LUI:  Shit! Quéssé ça?

ELLE:  Qu'est-ce qui se passe?


SCÈNE 2
Le départ de Papa

Ils sont tous les quatre dans un très grand lit.

ELLE:  Au revoir, papa.

PÈRE:  Au revoir ma princesse.  Mais où est passé ton frère, ce chenapan?

ELLE:  Il dort.

PÈRE:  Encore?  Mais il n'arrête pas de dormir!

ELLE:  C'est parce qu'il déploie beaucoup d'énergie quand il ne dort pas.

PÈRE (riant):  Toujours à le défendre, hein?  Ma belle pitchounette!  Viens me voir un peu. Et...hop! (Elle lui saute dans les bras) Mais dis donc, t'as encore grandi, toi!

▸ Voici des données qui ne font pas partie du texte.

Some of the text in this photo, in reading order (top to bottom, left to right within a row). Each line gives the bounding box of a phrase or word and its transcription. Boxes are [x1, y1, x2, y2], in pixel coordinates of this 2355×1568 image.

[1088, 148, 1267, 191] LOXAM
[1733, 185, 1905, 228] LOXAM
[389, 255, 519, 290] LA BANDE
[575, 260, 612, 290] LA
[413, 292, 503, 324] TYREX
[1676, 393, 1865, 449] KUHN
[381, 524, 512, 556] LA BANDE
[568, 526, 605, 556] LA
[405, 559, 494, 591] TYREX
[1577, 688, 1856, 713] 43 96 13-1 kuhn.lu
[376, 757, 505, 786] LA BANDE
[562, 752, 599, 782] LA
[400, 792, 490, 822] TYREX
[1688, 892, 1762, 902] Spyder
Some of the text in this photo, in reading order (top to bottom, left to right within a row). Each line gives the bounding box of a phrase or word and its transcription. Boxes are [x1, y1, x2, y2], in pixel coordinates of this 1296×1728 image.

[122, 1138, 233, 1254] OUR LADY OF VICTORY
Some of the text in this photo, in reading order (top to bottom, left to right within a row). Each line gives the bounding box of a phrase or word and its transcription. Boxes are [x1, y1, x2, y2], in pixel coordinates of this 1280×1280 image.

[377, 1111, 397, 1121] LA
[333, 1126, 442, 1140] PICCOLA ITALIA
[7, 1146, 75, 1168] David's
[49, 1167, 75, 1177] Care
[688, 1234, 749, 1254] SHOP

ELLE (réclamant comme une enfant):  Dis que je suis de la mauvaise herbe!

PÈRE (trafiquant sa voix):  Tu es de la mauvaise herbe!

ELLE (éclatant de rire, ravie):  Papa . . .

PÈRE:  Oui mon trésor.

ELLE:  Je veux pas que tu partes.

PÈRE:  Moi non plus.  Mais c'est mon travail, tu comprends?

ELLE:  J'ai toujours peur, quand tu pars.

PÈRE:  De quoi as-tu peur, ma puce?

ELLE:  J'ai peur que tu te fasses prendre en otage, ou que tu exploses sur une mine artisanale.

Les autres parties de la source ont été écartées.